Mortgage rates fell last week and approached or reached record low levels.
According to Freddie Mac, the average rate for a 30-year fixed rate mortgage (FRM) fell from 3.40 percent to 3.35 percent. Average rates for a 15-year FRM moved from 2.61percent to 2.56 percent.
Average rates for a 5/1 adjustable rate mortgage (ARM) fell to 2.56 from last week's average of 2.58 percent Discount points for last week's mortgage rates ranged from 0.7percent for 30 and 15 year FRM loans to 0.5 percent for a 5/1 ARM.
Rock-bottom mortgage rates can offset the impact of rising home prices.
Last Week Was A Strong Showing For The US Economy
Last week's economic news provided further indications of economic recovery, with housing related reports contributing to overall confidence in a stronger economy.
Highlights of last week's news include:
Monday: Pending home sales moved up to 1.50 percent in March from February's -1.07 percent. This reading also surpassed Wall Street's forecast of 0.90 percent for March.
Tuesday: The Case-Shiller Home Price Index for February reported that the national average home price had increased by 9.3 percent year-over-year between February 2012 and February 2013. By comparison, the average national home price between January 2012 and January 2013 increased by 8.1 percent year-over-year. Rising home prices are contributing to the economic recovery, but in some areas demand for homes exceeds supply, which also contributes to rising home prices.
Wednesday: The Federal Open Market Committee (FOMC) issued its scheduled statement after its meeting concluded. Committee members noted signs of an improving economy, and cited housing markets as a leading contributor to the recovery. The FOMC statement also indicated that economic conditions were not sufficiently improved for the FOMC to change or cease the Federal Reserve's quantitative easing policy. The Fed's goal for its current quantitative easing program is keeping long-term interest rates including mortgage rates low.
Thursday: The weekly Jobless Claims Report brought better-than-expected news with new jobless claims coming in at 324,000, less than the expected reading of 345,000 new jobless claims and also higher than the previous report's reading of 342,000 new jobless claims.
Friday: The Bureau of Labor Statistics issued its monthly “Jobs Report,” which consists of the Non-farm Payrolls Report and the national Unemployment Rate. Again new jobs added exceeded expectations for April with 165,000 jobs added against expectations of 135,000 new jobs added. April's reading also surpassed the March reading of 138,000 new jobs.
The unemployment rate dropped to 7.5 percent as compared to a consensus of 7.6 percent and last month's reading of 7.6 percent. To put this reading in perspective, the FOMC has targeted an unemployment rate of 6.5 percent as a benchmark for adjusting its current policies including quantitative easing.
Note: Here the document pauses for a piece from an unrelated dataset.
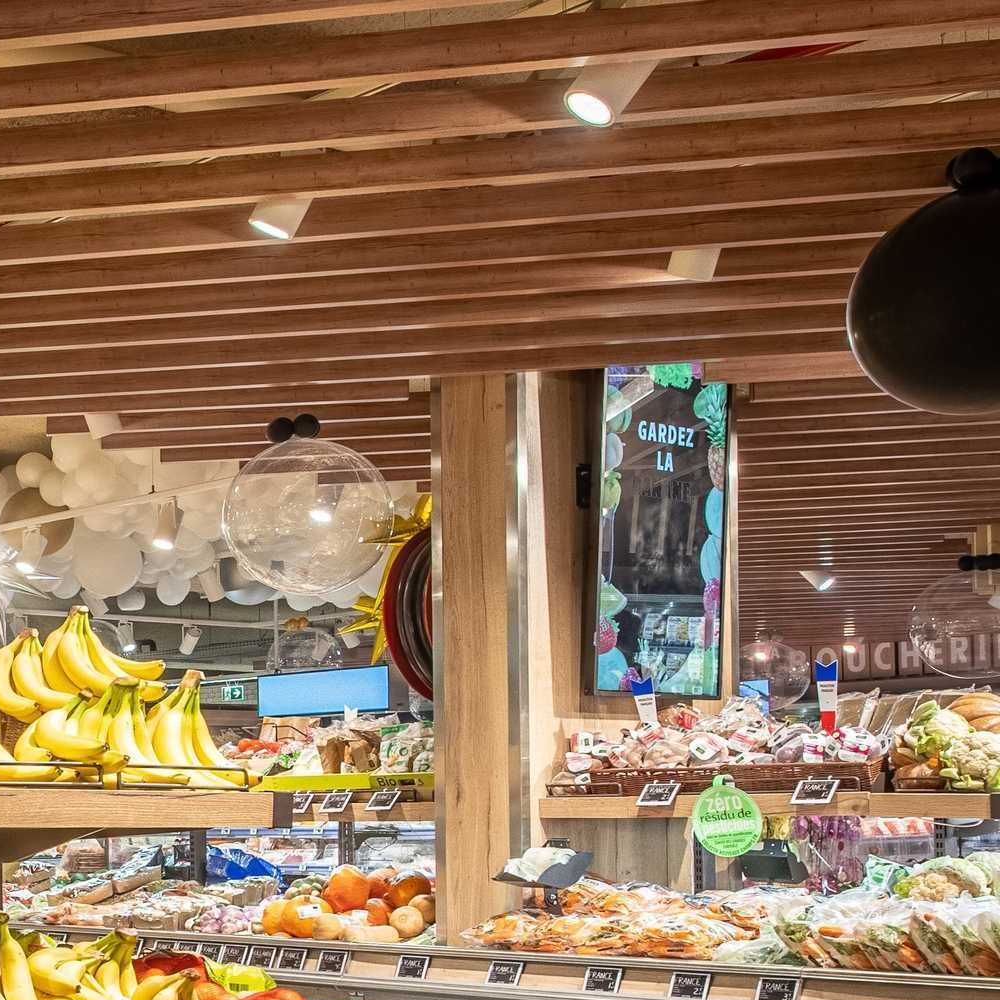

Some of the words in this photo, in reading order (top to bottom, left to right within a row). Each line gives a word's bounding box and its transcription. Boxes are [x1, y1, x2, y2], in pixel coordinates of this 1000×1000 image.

What To Look For This Week
This week's economic events include latest Jobless Claims report on Thursday. It will be interesting to see if this week's reading will be lower than last week's reading of 324,000 new jobless claims.
On Friday, the Federal Budget will be released; this could influence financial markets depending on what programs and services are cut or reduced.
For more information about the Atlanta area real estate market, please email me at email@example.com or call me at 404.918.2500.
Start spreading the news...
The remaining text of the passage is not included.